Congenital afibrinogenemia is a rare, genetically inherited blood fibrinogen disorder in which the blood does not clot normally due to the lack of fibrinogen, a blood protein necessary for coagulation.[1] This disorder is autosomal recessive, meaning that two unaffected parents can have a child with the disorder.[2] The lack of fibrinogen expresses itself with excessive and, at times, uncontrollable bleeding.[3]

Signs and symptoms

As this is a disorder that is present in an individual from birth, there are no warning signs to look for. The first symptom usually seen is hemorrhage from the umbilical cord that is difficult to stop.[2]

Other symptoms include:[4]

Spontaneous bleeding of the mouth, nose, and gastrointestinal tract are common. Since blood clots can not be formed, minor injuries tend to lead to excessive bleeding or bruising. The biggest concern for individuals with afibrinogenemia is CNS hemorrhage, bleeding in the brain, which can be fatal. Many of these symptoms are chronic, and will continue to occur for the entirety of the affected individual's life.[citation needed]
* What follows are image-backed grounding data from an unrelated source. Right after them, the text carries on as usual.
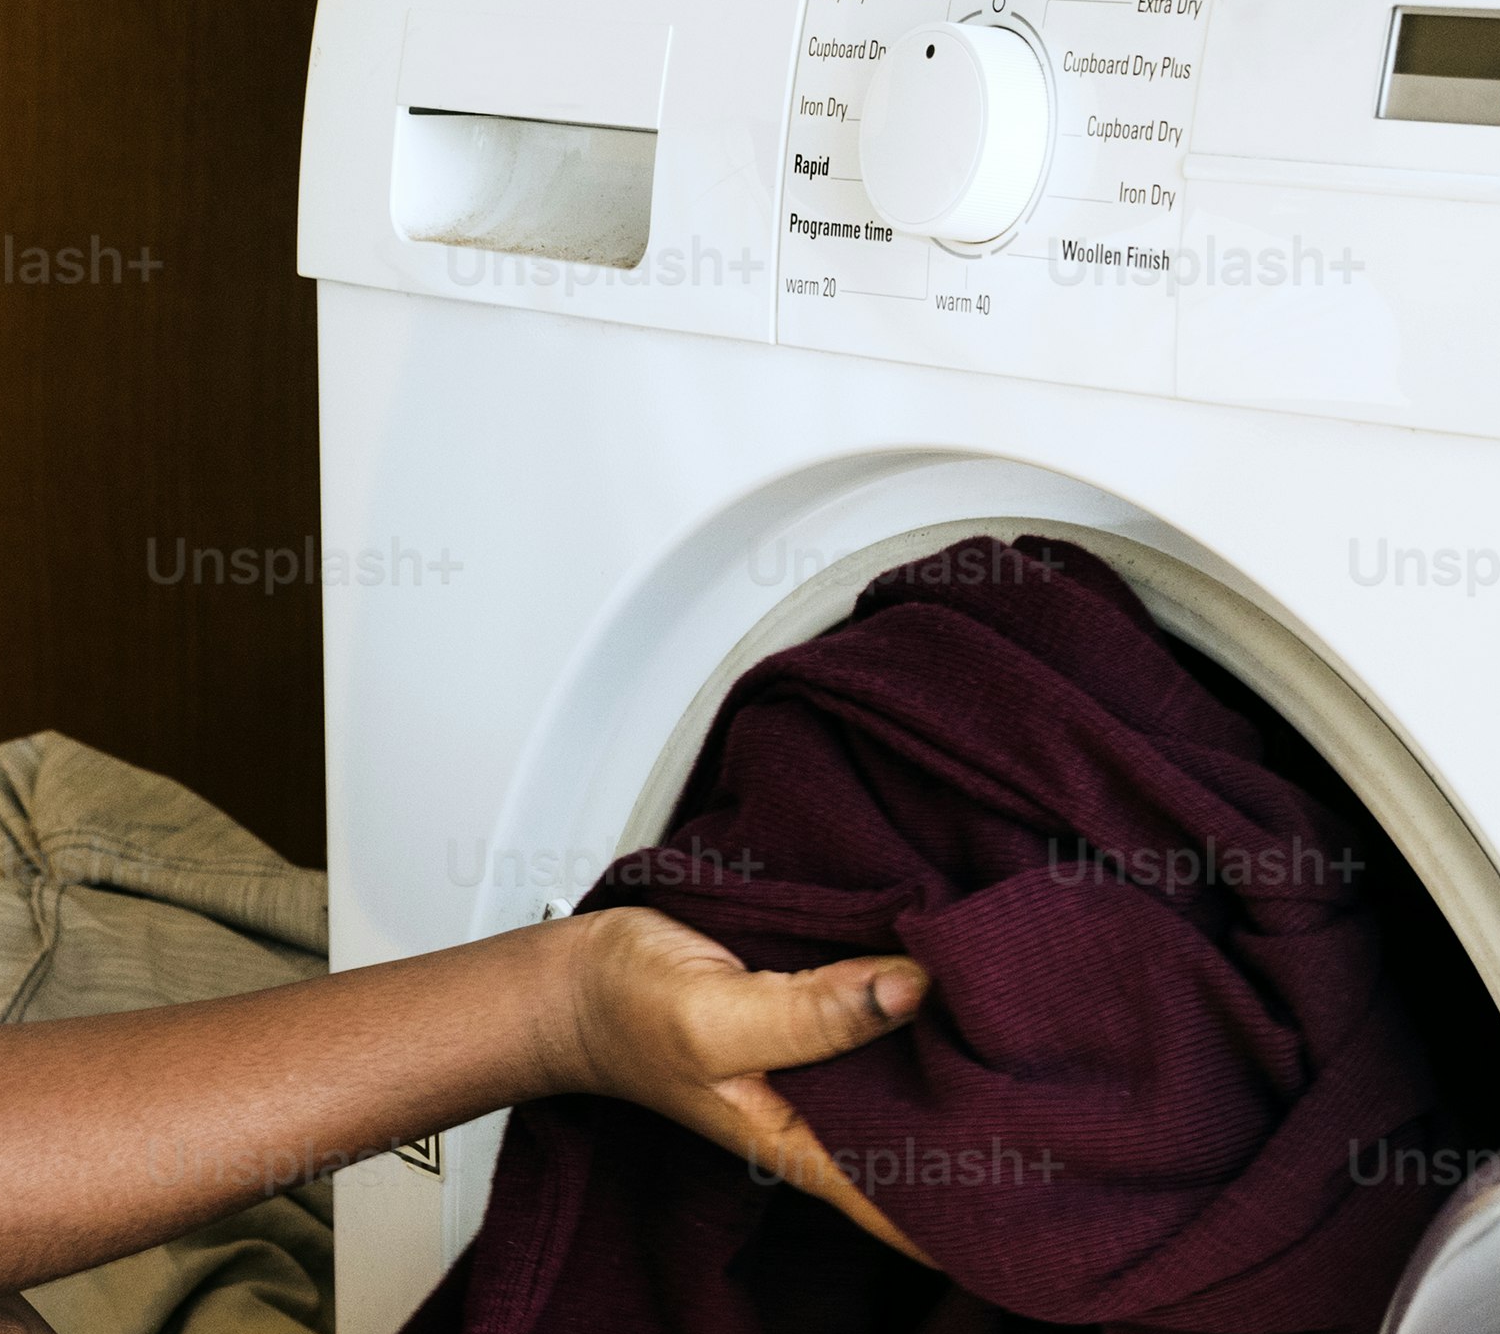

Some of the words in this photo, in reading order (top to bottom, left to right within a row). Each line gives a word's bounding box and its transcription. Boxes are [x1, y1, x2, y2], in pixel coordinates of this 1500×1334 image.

[808, 36, 865, 62] Cupboard
[869, 40, 890, 60] Dr
[1063, 50, 1130, 78] Cupboard
[1132, 55, 1158, 82] Dry
[1161, 56, 1191, 79] Plus
[799, 95, 823, 116] Iron
[827, 97, 848, 123] Dry
[1087, 115, 1154, 143] Cupboard
[1158, 120, 1183, 148] Dry
[794, 153, 830, 180] Rapid
[1119, 181, 1147, 204] Iron
[1151, 184, 1176, 212] Dry
[789, 213, 861, 240] Programme
[864, 220, 893, 243] time
[1062, 239, 1121, 266] Woollen
[1126, 246, 1170, 271] Finish
[785, 277, 819, 296] warm
[823, 277, 837, 298] 20
[935, 294, 972, 313] warm
[975, 294, 991, 315] 40
A missense or nonsense mutation to the genes that code for the fibrinogen protein are affected. Usually the mutation leads to an early stop in the production of the protein.[3] Due to the problem being genetically based, there is no way to prevent the disease. Individuals can get genetic testing done to see if they are a carrier of the trait, and if so may choose to complete genetic counseling to better understand the disorder and help manage family planning. Parents can choose to do prenatal genetic testing for the disorder to determine if their child will have the disease.[6] The only risk factor is if both parents of a child carry the recessive allele linked to the disorder.[citation needed]
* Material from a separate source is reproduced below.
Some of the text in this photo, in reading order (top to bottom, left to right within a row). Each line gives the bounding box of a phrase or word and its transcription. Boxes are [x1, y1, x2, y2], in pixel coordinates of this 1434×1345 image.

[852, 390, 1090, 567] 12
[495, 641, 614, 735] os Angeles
Individuals with the disorder have a mutation to their fibrinogen gene that prevents the formation of the protein.[3] In normal conditions, fibrinogen is converted to fibrin when it is cleaved by the enzyme thrombin in the blood. The newly formed fibrin forms a fiber-rich network that helps trap red blood cells to start the coagulation process and form a clot.[7] Since there is no fibrinogen present during afibrinogenemia, fibrin can not be formed to aid in this process.[citation needed]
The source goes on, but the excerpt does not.